REALITY FICTION (Part I of II parts)
by Eric Weber

Rabinowitz scuffing down Elkwood Street, hating his name, hating his religion/race/ethnicity – you tell me what it is – despising his shortness, loathing his balding-ness, nauseated by his softening belly, his skinny little dick, his truncated thighs, his gnarled arthritic fingers, cursing his gift – some men are born with the ability to scoop up hardballs rocketing at them across rutted infields at 140 mph, poor Rabby an ear for titles – plucking them out of the cacophony of morbid thoughts pin-balling inside his skull, the tyranny of nostalgia, you have to make allowances, my wife is trying to kill me, the wrong Jew, hundreds of ‘em, planning, one day, to write a story for each – if only there were a software program, feed in the title, dial the genre, men’s fiction, and a passable story, up to the standards of at least the East Stroudsburg Teachers College Review, is written for you.

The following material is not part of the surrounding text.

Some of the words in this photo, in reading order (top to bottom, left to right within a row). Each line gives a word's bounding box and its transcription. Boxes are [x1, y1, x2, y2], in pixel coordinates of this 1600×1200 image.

R passes the shabby little house at the corner of Mountain and De Peyster, blight on the neighborhood, lawn gone to seed, sea of leggy yard-high dandelions, porch sagging, hulking shiny black Escalade parked caddy corner in the driveway, someone must have come home drunk. Questions arise: how can they afford it? What do they do for a living? R slows his pace, checks his watch. 3:24 pm. Early. He continues on another hundred yards or so, then, at the sound of a straining engine from down the block, about faces. As if on cue, the curved yellow roof of a school bus rises from behind the little hill on De Peyster and pulls to a stop in front of the house. Octagonal red signs pop up like ears on either side of the bus. Horn honks. A moment later, from out of the house steps a Daisy Mae-like creature, all breasts and legs and long blond ringlets, tripping down the dilapidated porch steps. A small boy, pretty doll’s face, emerges from the bus, toddles in front of it, and Daisy sweeps him into her arms, peppering his head with kisses, pushing him face first into her cleavage.

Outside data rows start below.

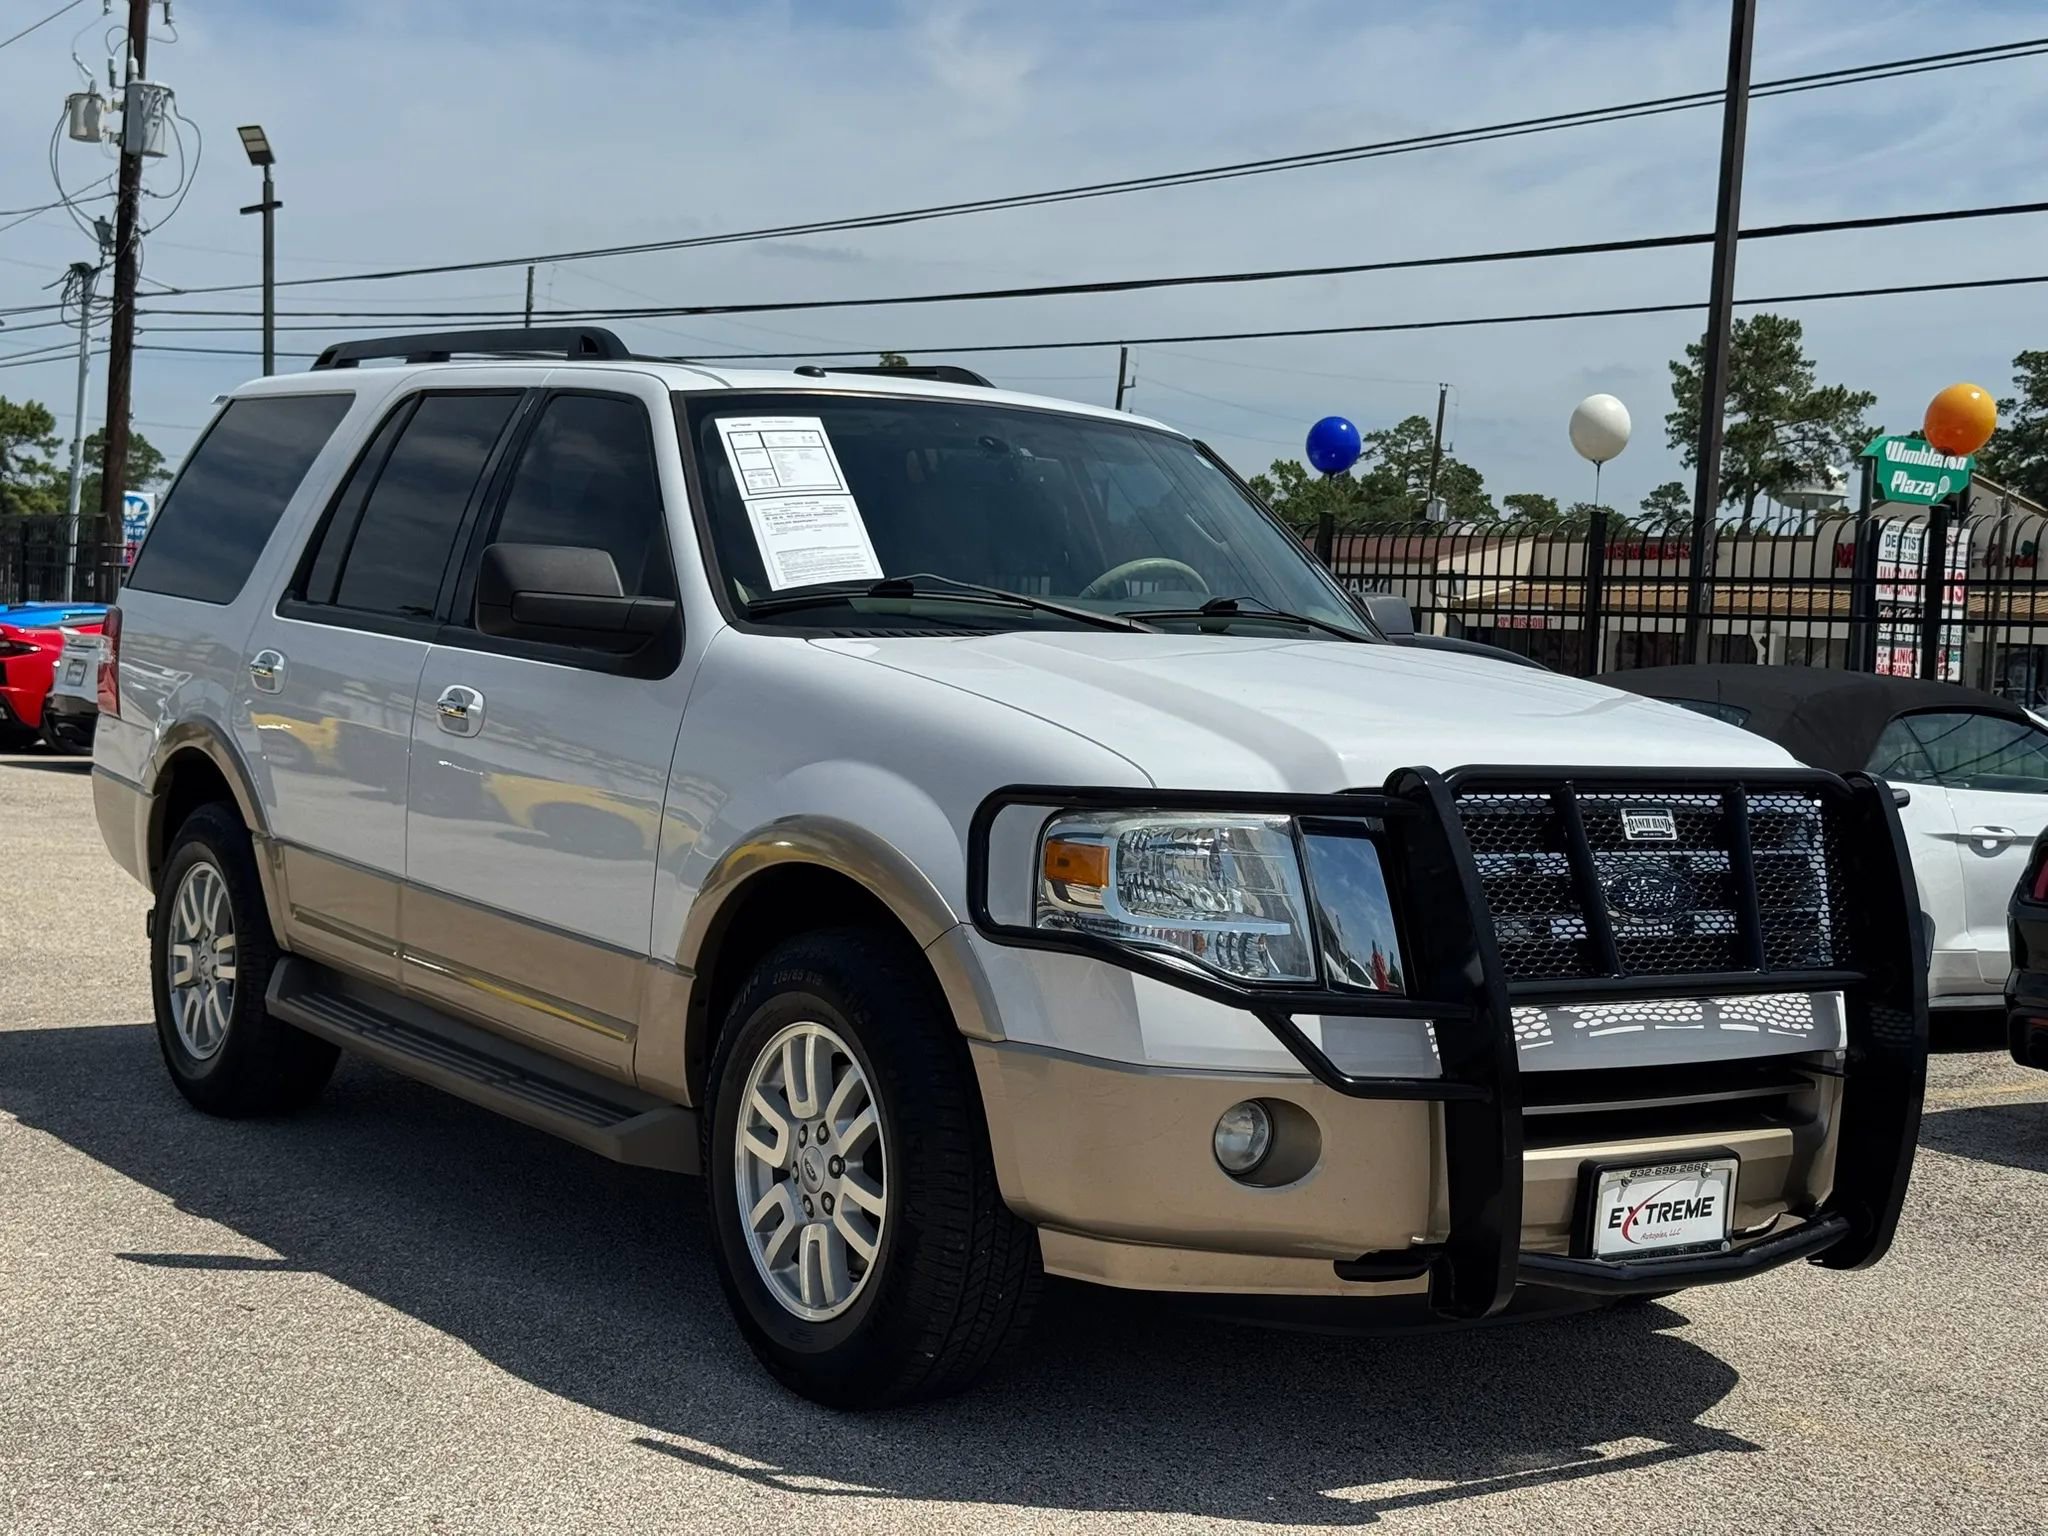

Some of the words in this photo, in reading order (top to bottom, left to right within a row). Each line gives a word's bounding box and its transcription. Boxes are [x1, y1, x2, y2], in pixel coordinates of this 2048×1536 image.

[1891, 470, 1936, 496] Plaza
[1885, 533, 1922, 551] DETIS
[1513, 616, 1553, 629] DISOUT
[1891, 648, 1919, 665] LINIC
[1892, 664, 1918, 677] RAFA
[1627, 817, 1651, 832] RANCH
[1651, 817, 1672, 832] HAND
[1608, 1196, 1715, 1229] EXTREME

“Afternoon, “ says R, closing his eyes for a moment, imagining the warmth, the softness, sucking in two lungfuls of air, hoping to pick up a whiff of perfume and sweat, salt and skin. He slows almost to a stop. “Lovely day,” he says. Love, lovely, love making – it’s in the air. “Yes, beeyootiful,” she says in a comically squeaky voice, although to R’s ear it is pure Bacall, Bankhead. The woman smiles as Rabby ambles by in slow-mo, neighborly yet, in his mind, not without a touch of elan, hoping she has come to accept his miraculous appearance every weekday afternoon at exactly 3:30, give or take a minute, as simple evidence of a fixed routine, our 50-something gentleman, semi-retired (rhymes with fired), out for his afternoon constitutional, Daisy never imagining in a million years the heartsick fantasies R is harboring, not only a fusillade of anal thrusts to the hilt but, perhaps much more telling and sad, candlelit dinners at their little Italian restaurant along the Hudson – she would laugh at these more than the sex. Rabby continues on, right on Lawrence and all the way to the top of the hill that brings him to Jones Road, which sits on the ridge of the Palisades and reveals, in one breath-taking instant, a most sudden and assaulting view of the New York skyline, glittering today under a mid-October sun, cloudless and azure, 55 degrees, low humidity.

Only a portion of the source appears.